Secondly, it is often helpful to take a close look at our budgets.  When we lived in Nashville, a man came to me after a Sunday morning service with his electric bill.  He said, "Pastor, I know I should give, and I want to give.  However, I have this electric bill for $150.  It's either pay that bill or give that money to the church.  Which do you think I should do?"  That seems like quite a quandary, doesn't it?  I mean, it was wintertime, and he couldn't afford for his family (i.e.- wife and two children) to go without electricity.  If it was just him, he could freeze, but he needs to care for his family.  What would you tell him?  Well, what if I told you that these weren't the only options (i.e.- either pay the electric bill or give to the Lord)?  Consider this response: "Wow, Bill (fake name)! That's quite a decision to make.  Let me ask you a question...how much is your cable bill this month?"  [Insert long, awkward pause here.] 

Do you see how there are more options?  Of course, I could have asked him about a number of things, but the point is that there is typically more wiggle room in our monthly budgets than we see at first glance.  The real question is...am I willing to sacrifice what is a genuine luxury in order to give to the Lord?  To advance the gospel?  To meet the needs of others?
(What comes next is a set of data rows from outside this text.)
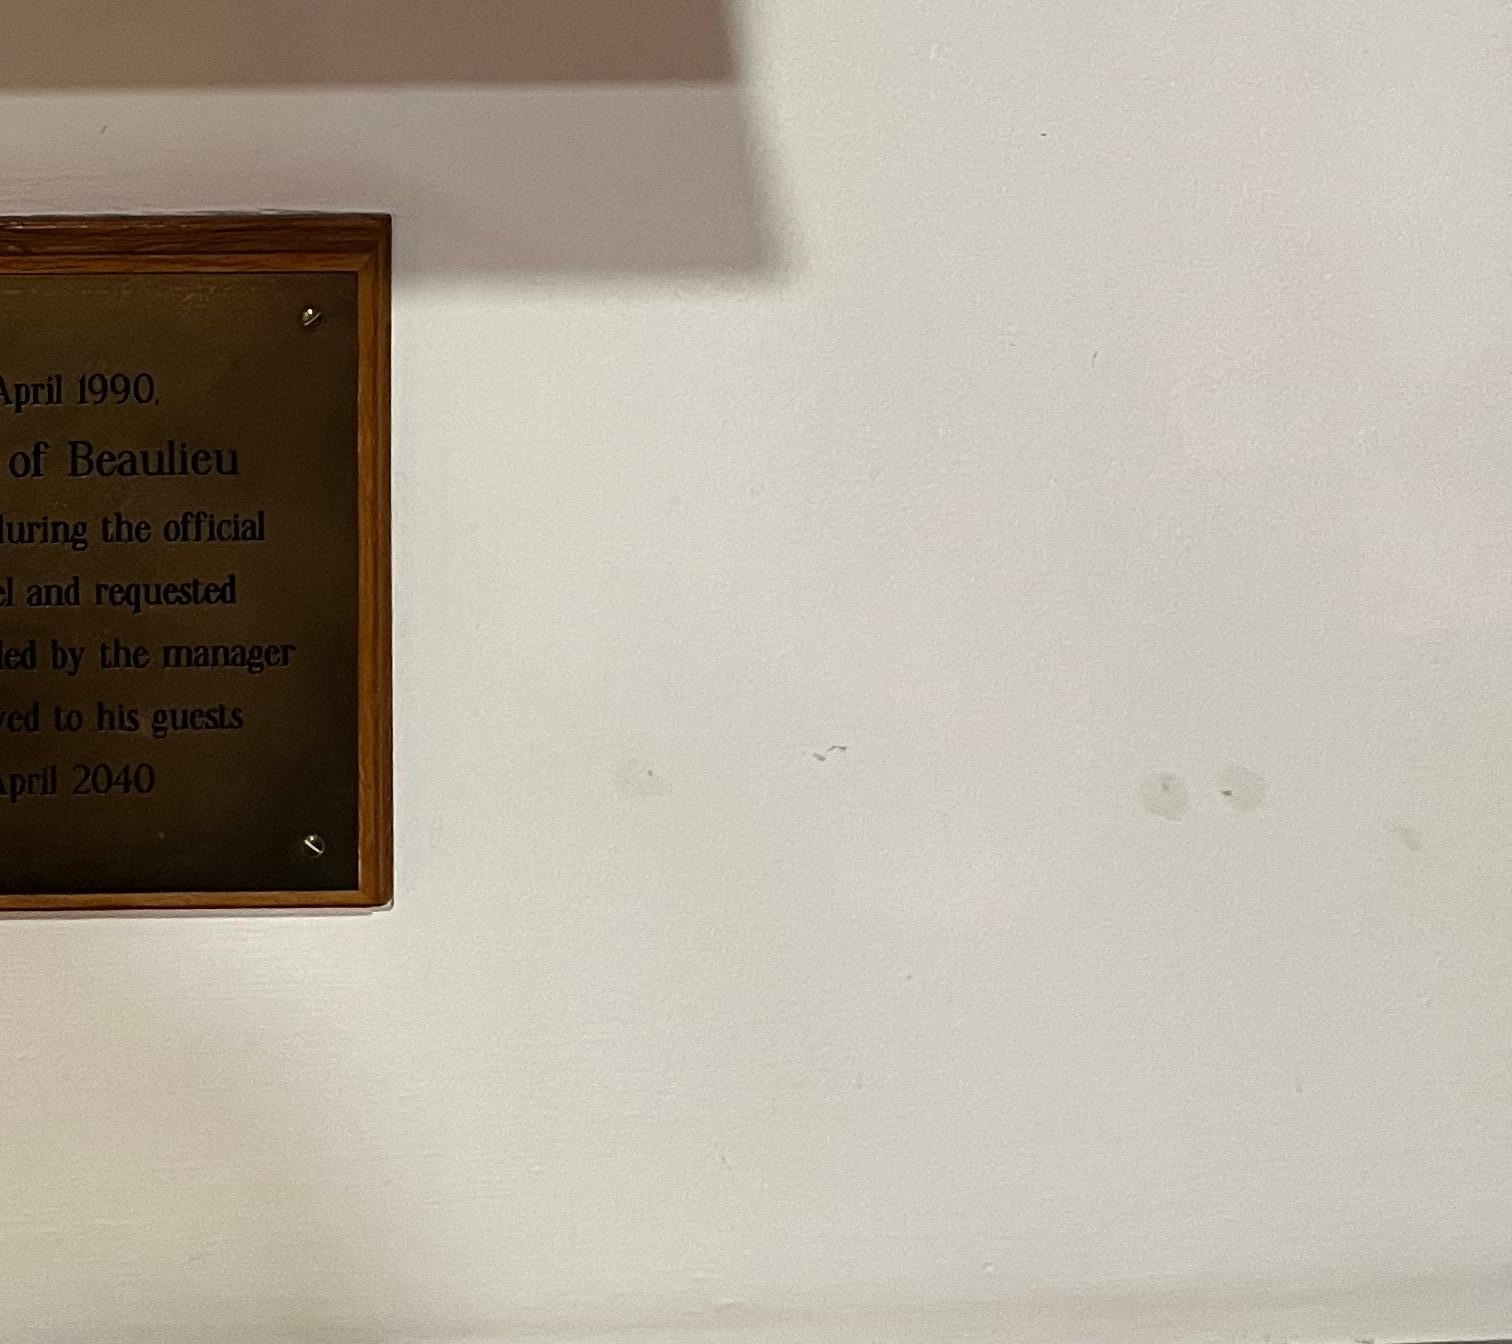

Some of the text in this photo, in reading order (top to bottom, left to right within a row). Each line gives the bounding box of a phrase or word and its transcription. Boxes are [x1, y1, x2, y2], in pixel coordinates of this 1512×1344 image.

[8, 440, 50, 478] of
[66, 439, 240, 478] Beaulieu
[101, 511, 152, 544] the
[163, 510, 266, 542] official
[26, 575, 81, 607] and
[94, 573, 237, 615] requested
[50, 638, 86, 677] by
[100, 637, 151, 669] the
[162, 644, 297, 675] manager
[53, 705, 83, 732] to
[96, 700, 140, 732] his
[151, 703, 244, 740] guests
[72, 762, 156, 795] 2040
Third, you may say, "Ok...but that's not me.  I don't have cable.  I've wiggled all the luxury out.  What should I do?"  Well, dear friend, I would say what I probably should have said in the first sentence.  Giving is an act of faith.  It is an expression of our trust that God will take care of our needs.  When Jesus says to seek God's kingdom and all these things will be added to you (Luke 12:31), it is the call and command to stop seeking for yourself and trust the Lord.  God feeds the birds, God clothes the field with flowers, and God cares about His children more than all these...how can we not trust Him?

Even for the one who needs to wiggle the luxury out of the budget, finding spare change to give to God is not the kind of giving God desires.  In Luke 21, Jesus sees people giving offerings.  He notices rich people giving, and He sees a poor widow giving.  The rich give a large amount.  The poor widow gives two small copper coins...the last two coins she could rub together.  Who is the greater giver?  It is the poor widow.  Jesus says as much when he points out that the widow "put in all she had to live on" (21:4). 
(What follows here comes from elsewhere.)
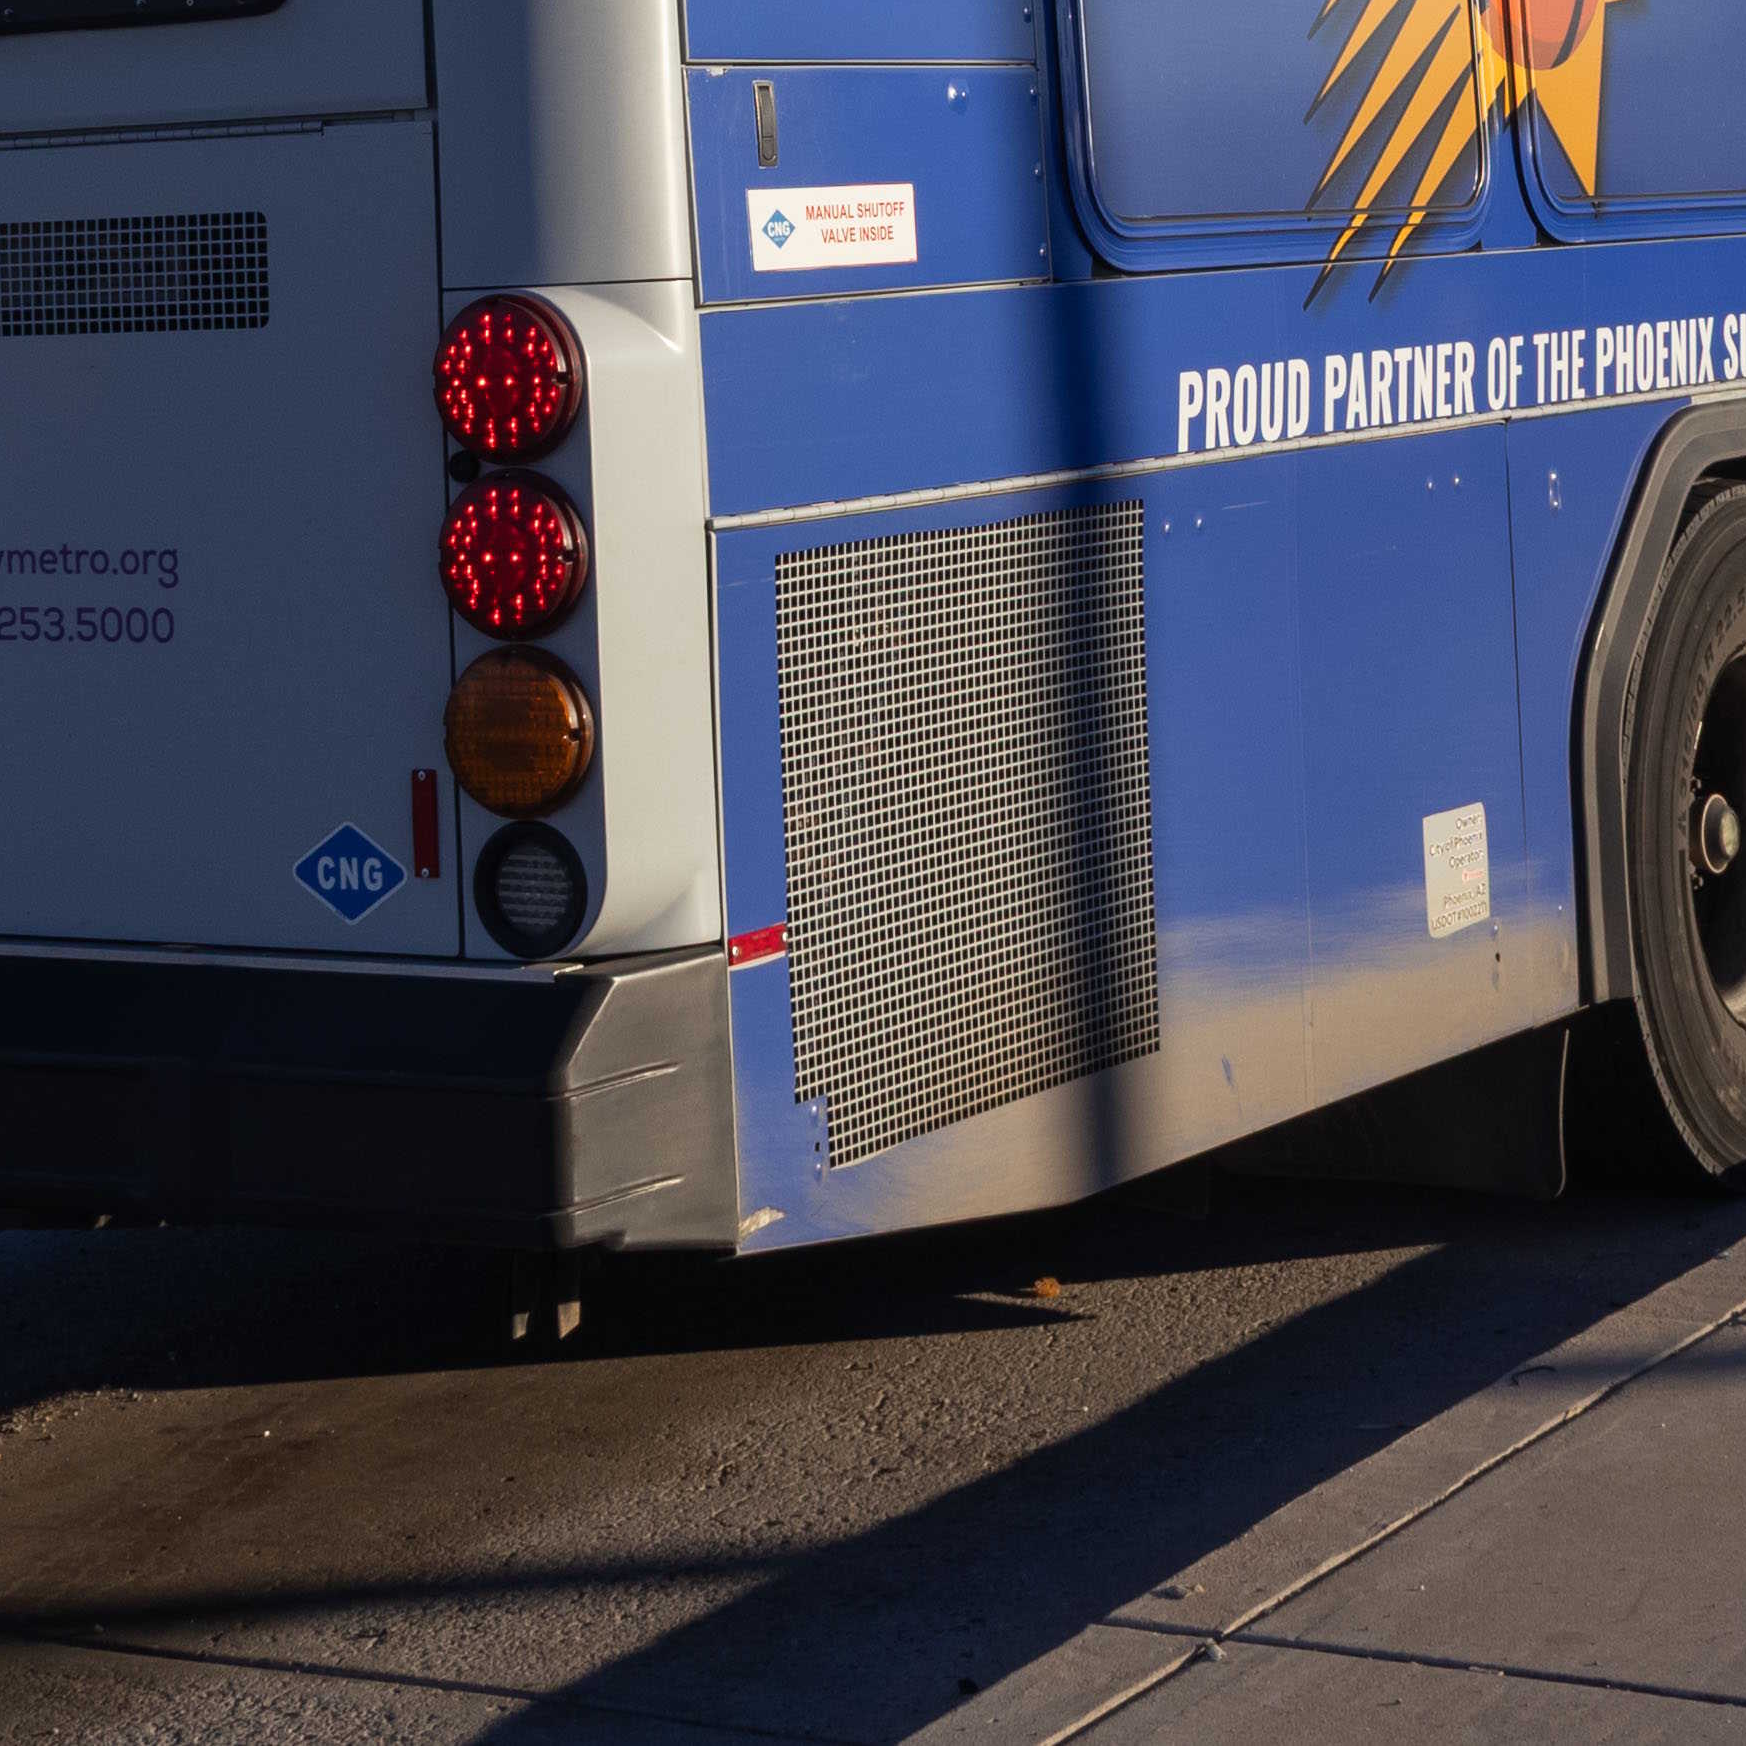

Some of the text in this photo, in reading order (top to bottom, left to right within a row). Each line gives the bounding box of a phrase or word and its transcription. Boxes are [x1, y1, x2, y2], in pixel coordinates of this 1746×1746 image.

It's one thing to do that when you have a steady job and can expect another paycheck.  But it's another thing altogether is you're a "poor widow."  In Jesus' day, being a poor widow meant that others had to care for you...whether it was your children or your grandchildren or God's people.  So, when this poor widow gives all that she has to live on, she is giving in such a way that she must be dependent on God.  He must give her this day her daily bread.  He must add all these things to her.

Wow!  What an expression of faith!  For some of us, there is money at the end of our month and we feel we can afford to give some of that extra cash in the weekly offering.  For others, there is more month at the end of our money, and we don't feel we have any extra to give in the weekly offering.  Whichever category fits your situation, remember this.  The Lord has not called us to find extra so that we may give.  He calls us to give in such a way that it expresses our faith...our dependence on Him...not just for our eternal souls, but also for our daily bread.